◆ **Work order**:
Each record should be retyped word for word.

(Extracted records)
▬▬▬▬▬▬

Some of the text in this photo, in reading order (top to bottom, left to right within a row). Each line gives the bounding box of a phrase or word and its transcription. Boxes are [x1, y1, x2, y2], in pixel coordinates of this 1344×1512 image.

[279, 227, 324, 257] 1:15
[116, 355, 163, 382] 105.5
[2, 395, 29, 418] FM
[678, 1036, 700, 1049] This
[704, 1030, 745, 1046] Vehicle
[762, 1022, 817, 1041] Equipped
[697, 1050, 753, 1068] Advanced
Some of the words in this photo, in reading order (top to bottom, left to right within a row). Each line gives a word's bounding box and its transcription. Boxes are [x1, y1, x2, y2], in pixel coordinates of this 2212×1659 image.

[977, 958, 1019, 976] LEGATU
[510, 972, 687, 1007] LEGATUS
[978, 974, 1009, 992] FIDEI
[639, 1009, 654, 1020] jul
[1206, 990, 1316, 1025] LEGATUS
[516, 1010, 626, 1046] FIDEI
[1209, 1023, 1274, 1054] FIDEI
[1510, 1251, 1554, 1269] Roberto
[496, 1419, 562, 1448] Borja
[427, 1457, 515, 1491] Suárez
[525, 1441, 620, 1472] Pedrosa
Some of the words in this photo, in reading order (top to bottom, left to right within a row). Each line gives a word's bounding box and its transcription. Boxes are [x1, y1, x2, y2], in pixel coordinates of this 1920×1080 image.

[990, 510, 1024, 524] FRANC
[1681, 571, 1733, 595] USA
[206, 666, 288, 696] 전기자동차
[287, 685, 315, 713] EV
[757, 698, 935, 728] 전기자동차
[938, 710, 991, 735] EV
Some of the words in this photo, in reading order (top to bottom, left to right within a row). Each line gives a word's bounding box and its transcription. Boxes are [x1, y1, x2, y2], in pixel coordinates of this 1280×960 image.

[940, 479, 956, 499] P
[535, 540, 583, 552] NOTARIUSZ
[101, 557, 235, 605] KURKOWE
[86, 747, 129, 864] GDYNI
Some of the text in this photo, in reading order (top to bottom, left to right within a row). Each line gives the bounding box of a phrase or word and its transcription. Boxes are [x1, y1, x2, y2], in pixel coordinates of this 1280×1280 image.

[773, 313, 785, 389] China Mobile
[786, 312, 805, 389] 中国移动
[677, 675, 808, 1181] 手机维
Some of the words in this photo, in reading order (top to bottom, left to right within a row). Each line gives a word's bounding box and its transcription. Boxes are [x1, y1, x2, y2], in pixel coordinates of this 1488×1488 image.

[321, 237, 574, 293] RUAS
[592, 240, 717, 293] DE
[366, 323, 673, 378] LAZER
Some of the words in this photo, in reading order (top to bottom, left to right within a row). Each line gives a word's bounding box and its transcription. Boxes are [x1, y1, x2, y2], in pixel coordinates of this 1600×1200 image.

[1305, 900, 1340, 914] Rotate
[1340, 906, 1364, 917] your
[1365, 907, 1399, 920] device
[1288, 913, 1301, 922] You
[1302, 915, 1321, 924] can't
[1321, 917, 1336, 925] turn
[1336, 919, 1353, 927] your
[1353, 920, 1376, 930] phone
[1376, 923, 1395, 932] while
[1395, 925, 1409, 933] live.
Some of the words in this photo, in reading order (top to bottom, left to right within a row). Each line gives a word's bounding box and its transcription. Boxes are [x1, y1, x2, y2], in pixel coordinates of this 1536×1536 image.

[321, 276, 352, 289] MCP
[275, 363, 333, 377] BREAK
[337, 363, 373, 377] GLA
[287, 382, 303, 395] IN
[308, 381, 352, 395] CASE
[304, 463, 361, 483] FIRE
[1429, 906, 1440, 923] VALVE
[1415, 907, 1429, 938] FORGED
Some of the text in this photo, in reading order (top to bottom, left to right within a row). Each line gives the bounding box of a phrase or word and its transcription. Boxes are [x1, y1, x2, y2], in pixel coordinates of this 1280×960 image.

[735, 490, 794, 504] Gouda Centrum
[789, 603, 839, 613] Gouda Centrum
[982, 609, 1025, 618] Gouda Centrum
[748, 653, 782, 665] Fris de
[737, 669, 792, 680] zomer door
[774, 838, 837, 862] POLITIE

▬▬▬▬▬▬

◆ **Output of the exercise**:
Some of the text in this photo, in reading order (top to bottom, left to right within a row). Each line gives the bounding box of a phrase or word and its transcription. Boxes are [x1, y1, x2, y2], in pixel coordinates of this 1344×1512 image.

[279, 227, 324, 257] 1:15
[116, 355, 163, 382] 105.5
[2, 395, 29, 418] FM
[678, 1036, 700, 1049] This
[704, 1030, 745, 1046] Vehicle
[762, 1022, 817, 1041] Equipped
[697, 1050, 753, 1068] Advanced
Some of the words in this photo, in reading order (top to bottom, left to right within a row). Each line gives a word's bounding box and its transcription. Boxes are [x1, y1, x2, y2], in pixel coordinates of this 2212×1659 image.

[977, 958, 1019, 976] LEGATU
[510, 972, 687, 1007] LEGATUS
[978, 974, 1009, 992] FIDEI
[639, 1009, 654, 1020] jul
[1206, 990, 1316, 1025] LEGATUS
[516, 1010, 626, 1046] FIDEI
[1209, 1023, 1274, 1054] FIDEI
[1510, 1251, 1554, 1269] Roberto
[496, 1419, 562, 1448] Borja
[427, 1457, 515, 1491] Suárez
[525, 1441, 620, 1472] Pedrosa
Some of the words in this photo, in reading order (top to bottom, left to right within a row). Each line gives a word's bounding box and its transcription. Boxes are [x1, y1, x2, y2], in pixel coordinates of this 1920×1080 image.

[990, 510, 1024, 524] FRANC
[1681, 571, 1733, 595] USA
[206, 666, 288, 696] 전기자동차
[287, 685, 315, 713] EV
[757, 698, 935, 728] 전기자동차
[938, 710, 991, 735] EV
Some of the words in this photo, in reading order (top to bottom, left to right within a row). Each line gives a word's bounding box and its transcription. Boxes are [x1, y1, x2, y2], in pixel coordinates of this 1280×960 image.

[940, 479, 956, 499] P
[535, 540, 583, 552] NOTARIUSZ
[101, 557, 235, 605] KURKOWE
[86, 747, 129, 864] GDYNI
Some of the text in this photo, in reading order (top to bottom, left to right within a row). Each line gives the bounding box of a phrase or word and its transcription. Boxes are [x1, y1, x2, y2], in pixel coordinates of this 1280×1280 image.

[773, 313, 785, 389] China Mobile
[786, 312, 805, 389] 中国移动
[677, 675, 808, 1181] 手机维
Some of the words in this photo, in reading order (top to bottom, left to right within a row). Each line gives a word's bounding box and its transcription. Boxes are [x1, y1, x2, y2], in pixel coordinates of this 1488×1488 image.

[321, 237, 574, 293] RUAS
[592, 240, 717, 293] DE
[366, 323, 673, 378] LAZER
Some of the words in this photo, in reading order (top to bottom, left to right within a row). Each line gives a word's bounding box and its transcription. Boxes are [x1, y1, x2, y2], in pixel coordinates of this 1600×1200 image.

[1305, 900, 1340, 914] Rotate
[1340, 906, 1364, 917] your
[1365, 907, 1399, 920] device
[1288, 913, 1301, 922] You
[1302, 915, 1321, 924] can't
[1321, 917, 1336, 925] turn
[1336, 919, 1353, 927] your
[1353, 920, 1376, 930] phone
[1376, 923, 1395, 932] while
[1395, 925, 1409, 933] live.
Some of the words in this photo, in reading order (top to bottom, left to right within a row). Each line gives a word's bounding box and its transcription. Boxes are [x1, y1, x2, y2], in pixel coordinates of this 1536×1536 image.

[321, 276, 352, 289] MCP
[275, 363, 333, 377] BREAK
[337, 363, 373, 377] GLA
[287, 382, 303, 395] IN
[308, 381, 352, 395] CASE
[304, 463, 361, 483] FIRE
[1429, 906, 1440, 923] VALVE
[1415, 907, 1429, 938] FORGED
Some of the text in this photo, in reading order (top to bottom, left to right within a row). Each line gives the bounding box of a phrase or word and its transcription. Boxes are [x1, y1, x2, y2], in pixel coordinates of this 1280×960 image.

[735, 490, 794, 504] Gouda Centrum
[789, 603, 839, 613] Gouda Centrum
[982, 609, 1025, 618] Gouda Centrum
[748, 653, 782, 665] Fris de
[737, 669, 792, 680] zomer door
[774, 838, 837, 862] POLITIE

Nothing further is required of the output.